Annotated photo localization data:
***
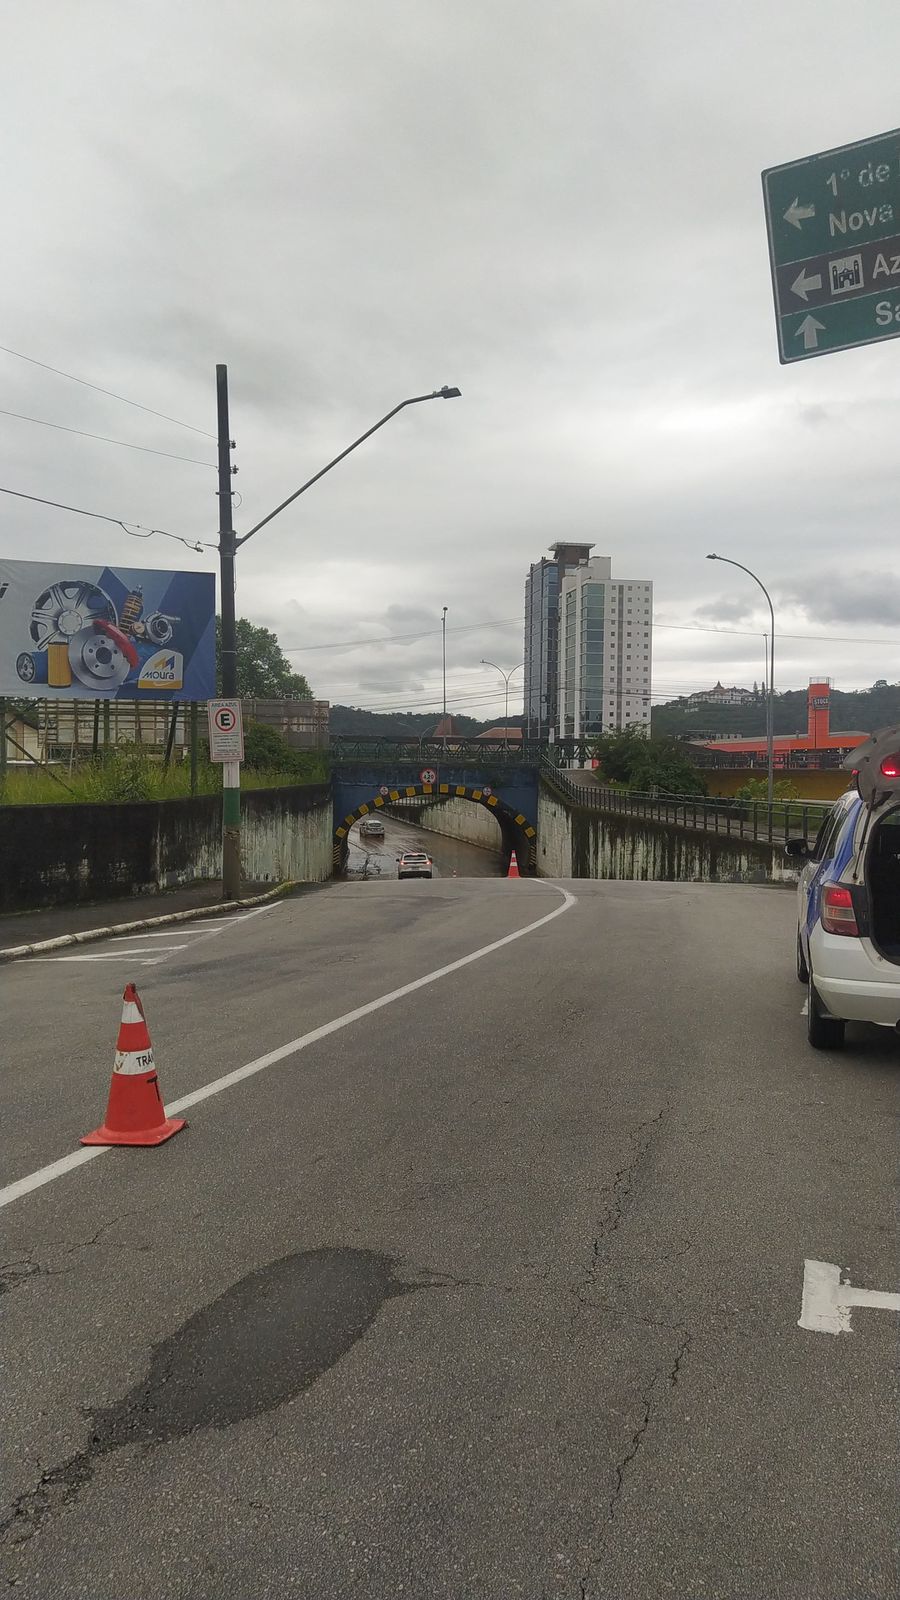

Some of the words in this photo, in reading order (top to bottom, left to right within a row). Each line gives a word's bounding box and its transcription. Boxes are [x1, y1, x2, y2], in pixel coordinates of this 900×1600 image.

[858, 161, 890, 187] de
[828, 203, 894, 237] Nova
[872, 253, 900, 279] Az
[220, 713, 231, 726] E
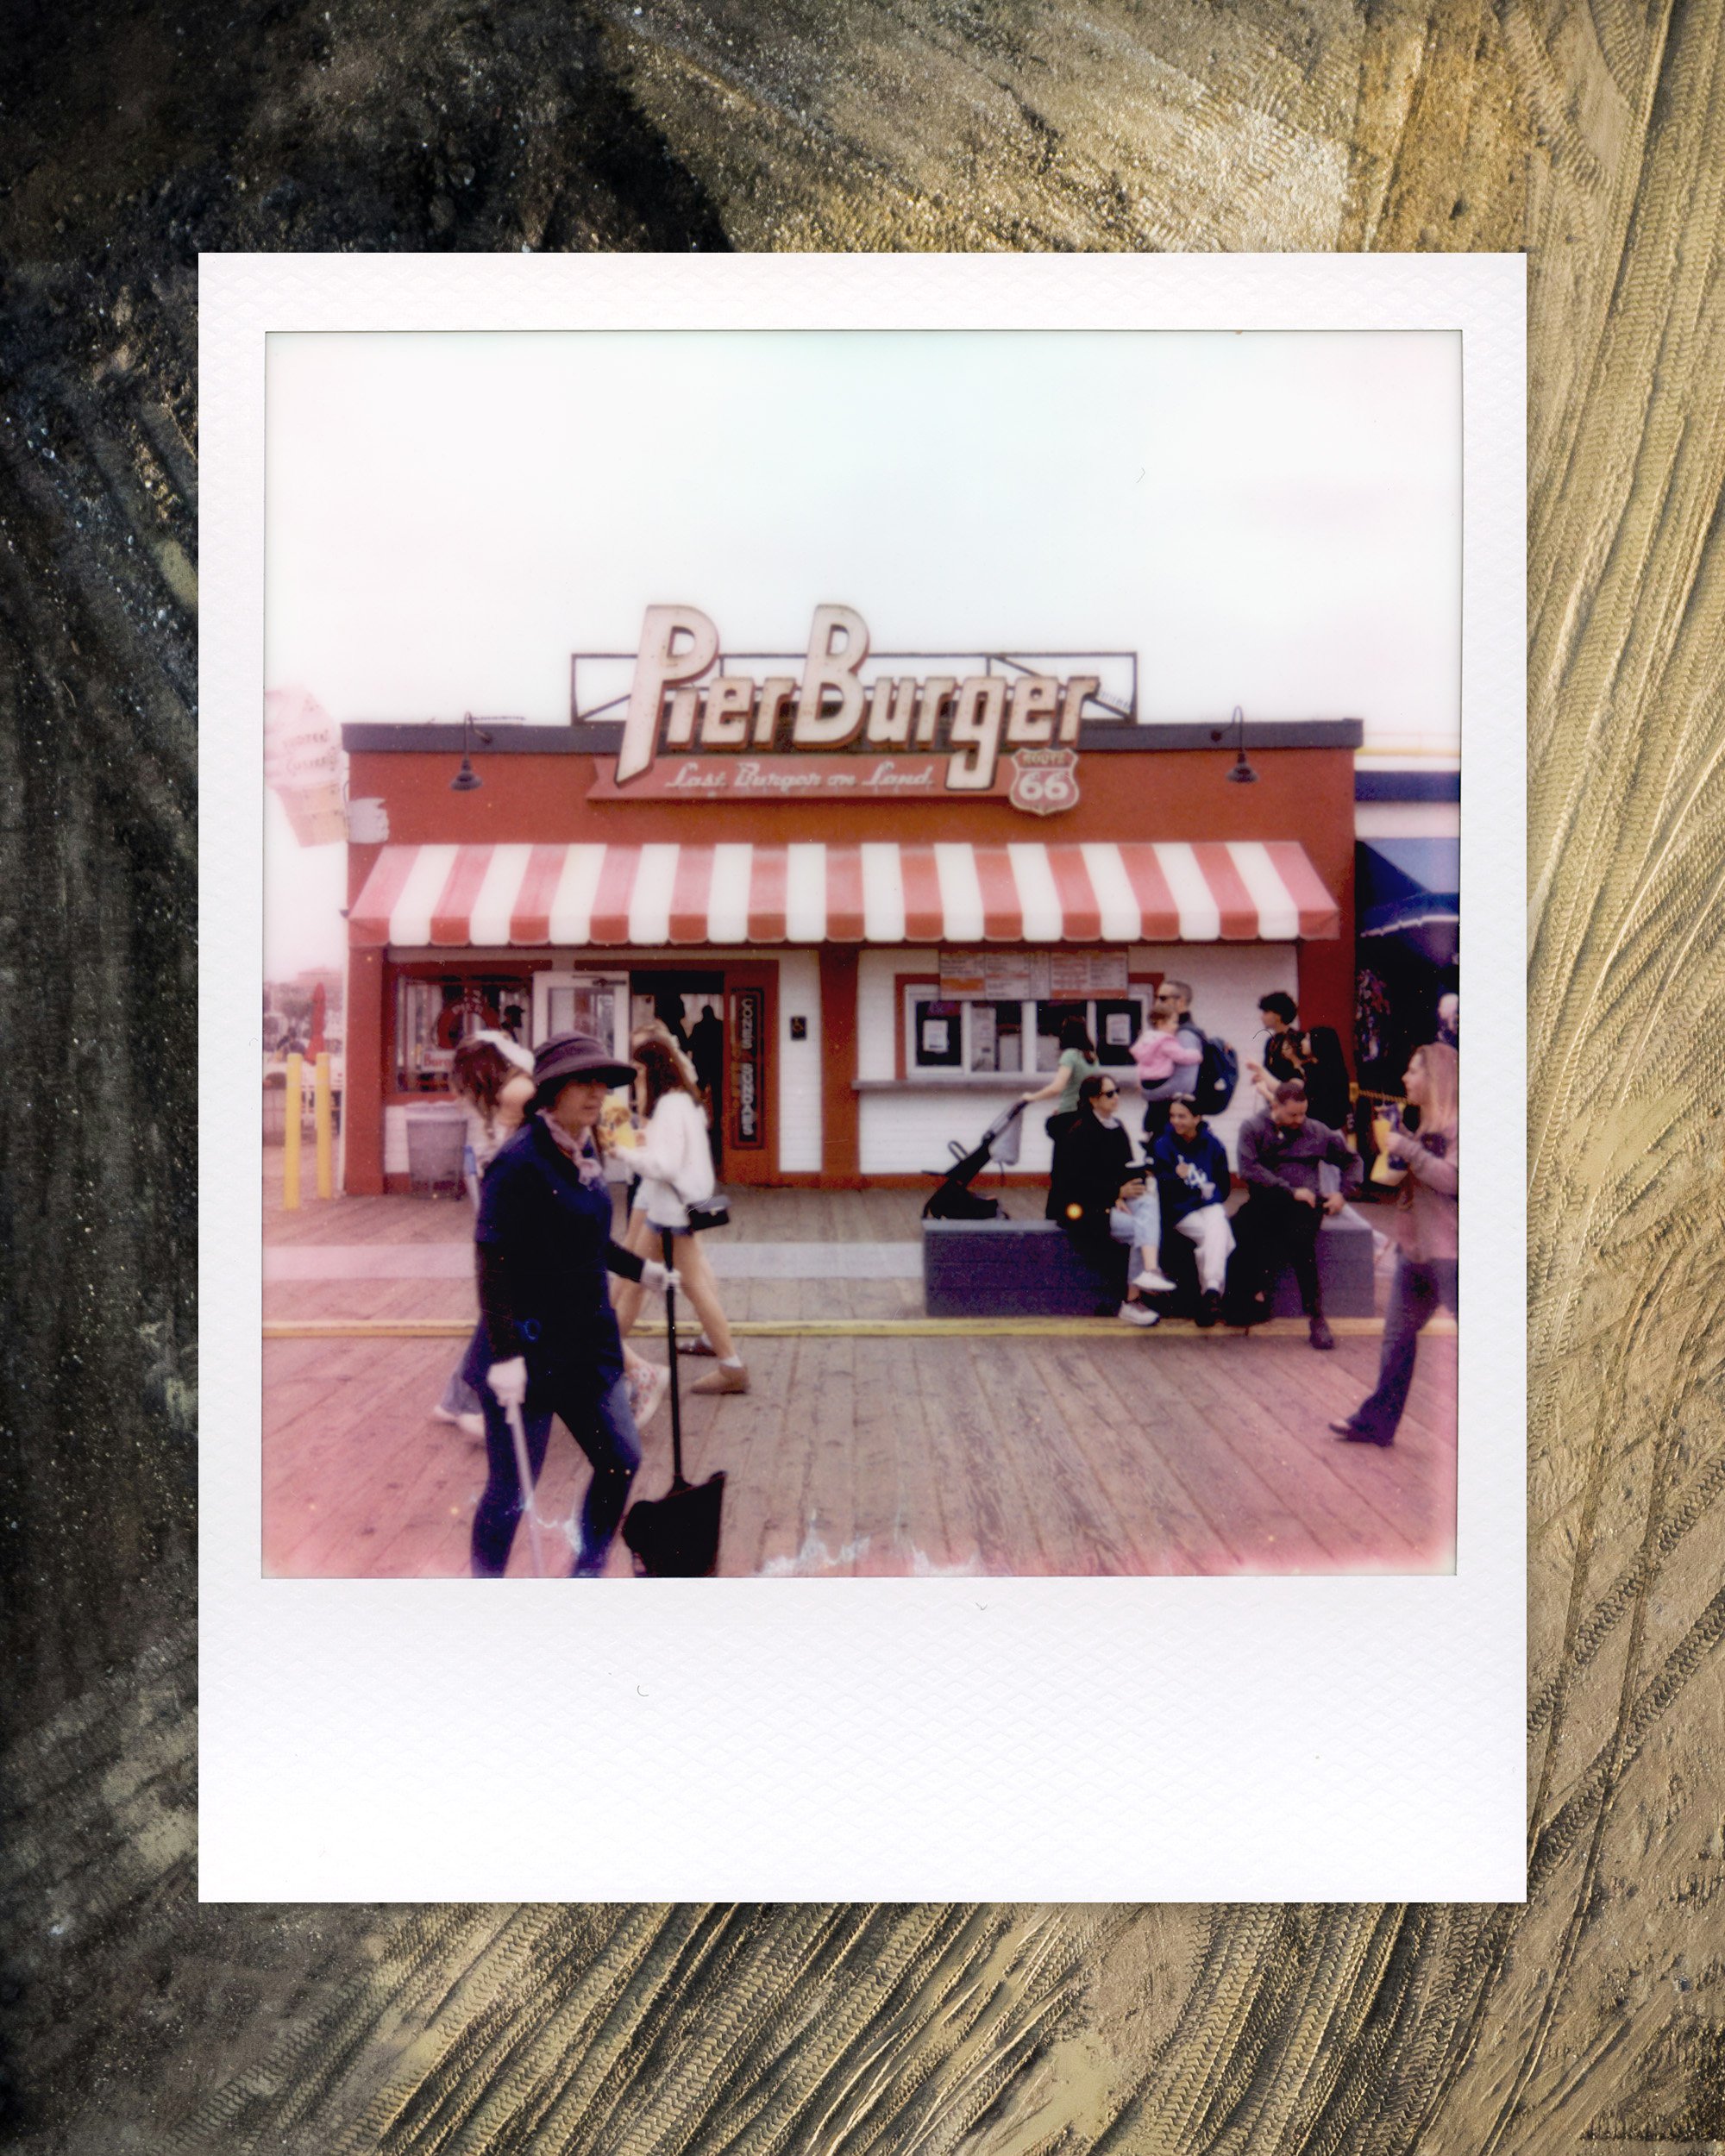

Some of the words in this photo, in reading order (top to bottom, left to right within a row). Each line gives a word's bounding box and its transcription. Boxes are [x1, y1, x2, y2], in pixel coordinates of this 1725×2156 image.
***
Assignment: Line by line, write out the records above exactly, skipping the pictures.

Output for this task:
Some of the words in this photo, in reading order (top to bottom, left to right within a row). Each line gives a word's bounding box and its transcription. Boxes are [x1, y1, x2, y2], in pixel coordinates of this 900×1600 image.

[858, 161, 890, 187] de
[828, 203, 894, 237] Nova
[872, 253, 900, 279] Az
[220, 713, 231, 726] E

Some of the words in this photo, in reading order (top to bottom, left to right within a row). Each line gives a word's bounding box and its transcription. Boxes are [x1, y1, x2, y2], in pixel coordinates of this 1725×2156 image.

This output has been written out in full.